I definitely can't afford this atm (probably couldn't even afford to have it shipped to the UK) but it's always been a bit of a dream of mine to own one of these beasties, and as I read in another thread that you get to play with one of these at work, a couple of questions come to mind!

Am I right in saying that a SEM allows us to look at smaller objects than we can normally look at with optical systems because after a certain magnification, the wavelength of light is too large to allow us to see any more detail. Is that the (roughly) 1200x - 1500x that I see as the maximum magnification on expensive microscopes?

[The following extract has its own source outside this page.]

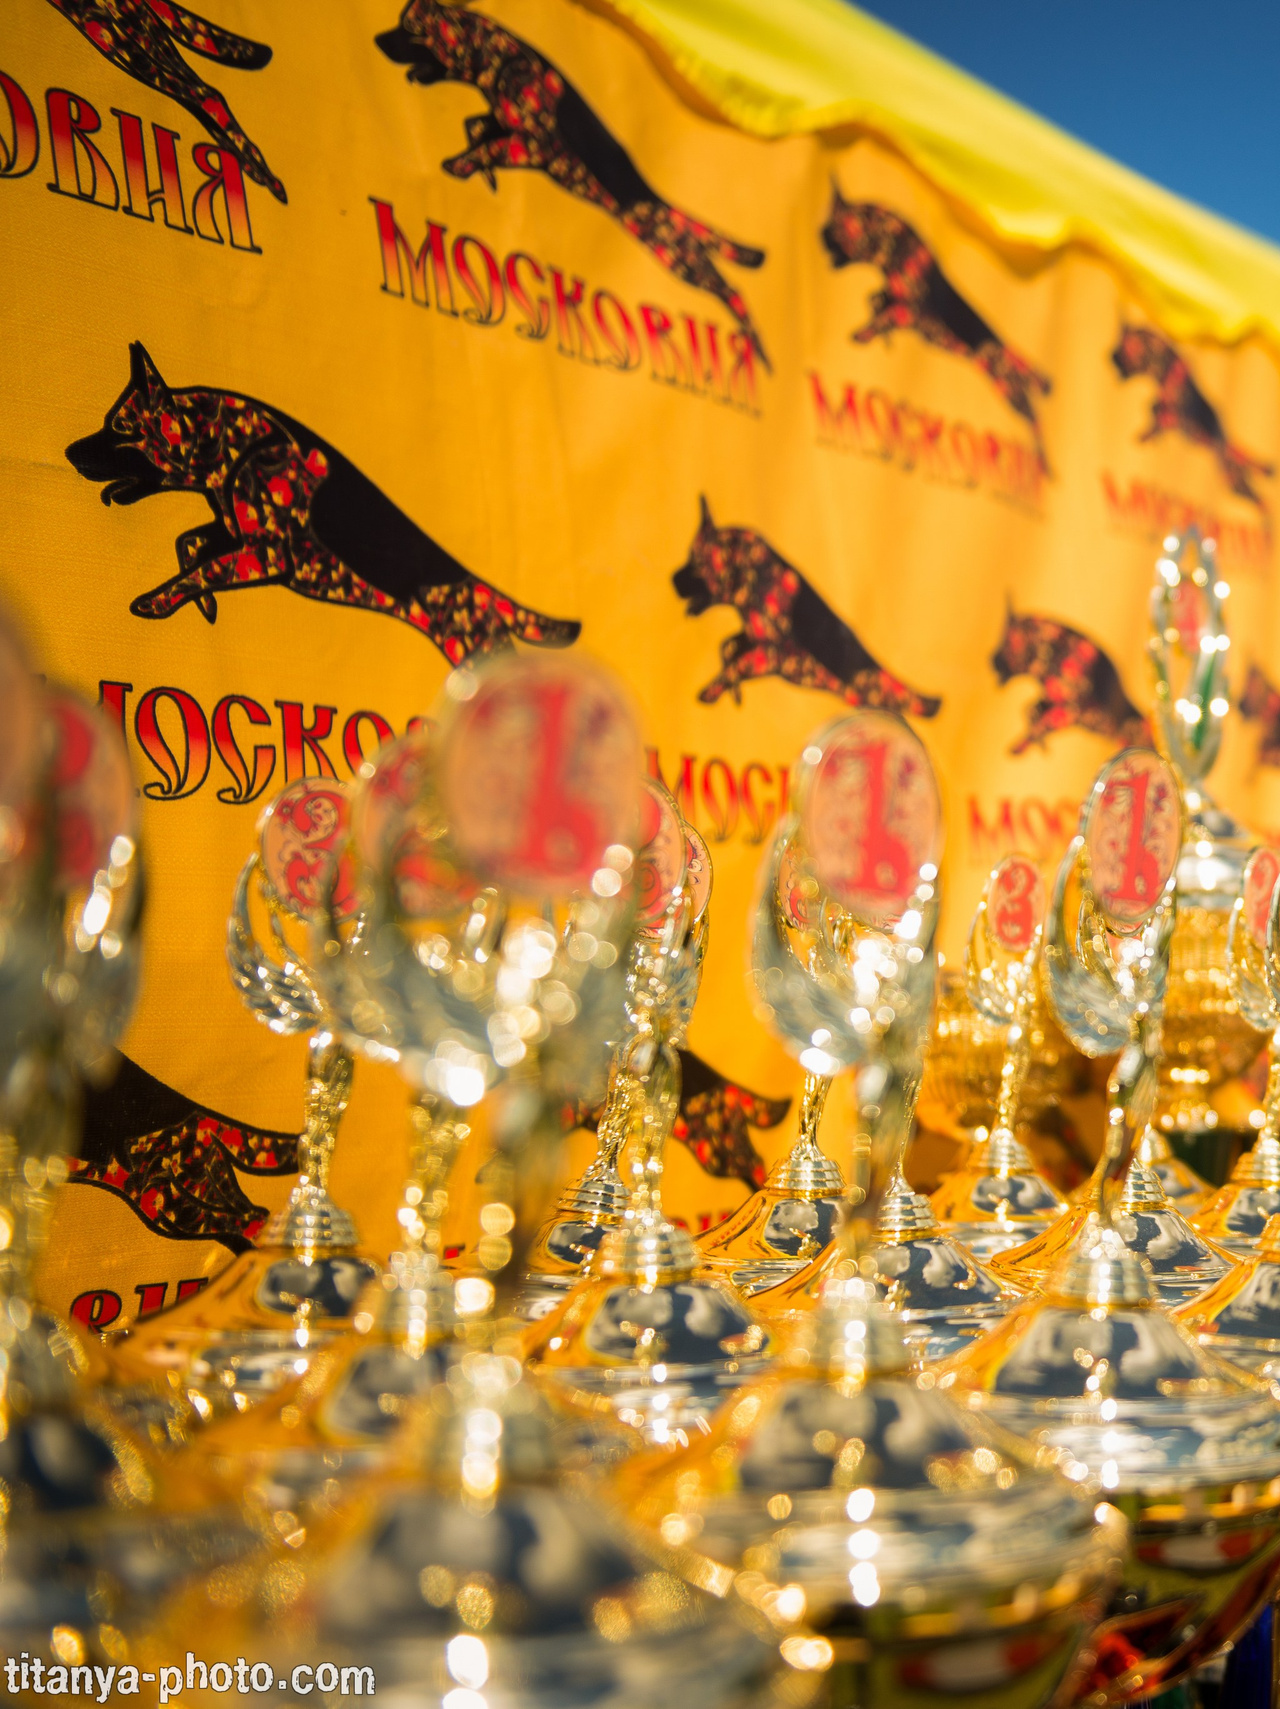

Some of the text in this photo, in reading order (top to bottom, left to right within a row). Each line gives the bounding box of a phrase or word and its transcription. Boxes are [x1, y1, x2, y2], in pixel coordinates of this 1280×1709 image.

Assuming this is correct, what sort of scale is this, what I mean is - what's the smallest thing we can look at with optical systems, and what is the equivalent for an SEM - can an SEM look at an atom for instance? I presume it cannot, or you could not see any detail of an atom, or would an atom look like a sphere because that is the shape of it's 'field'? (sorry if I'm using incorrect terms here, my understanding of atoms etc is only sort of high school level!)

Can you look at the structure of a virus with an SEM?

How hard are they to use? I presume you cannot just shove an ant on a slide and stick it in an SEM and 'shoot' it? What sort of preparatory work do you have to do on subjects? (And how on earth would you go about preparing something like a virus, which is too small to see with optical equipment???)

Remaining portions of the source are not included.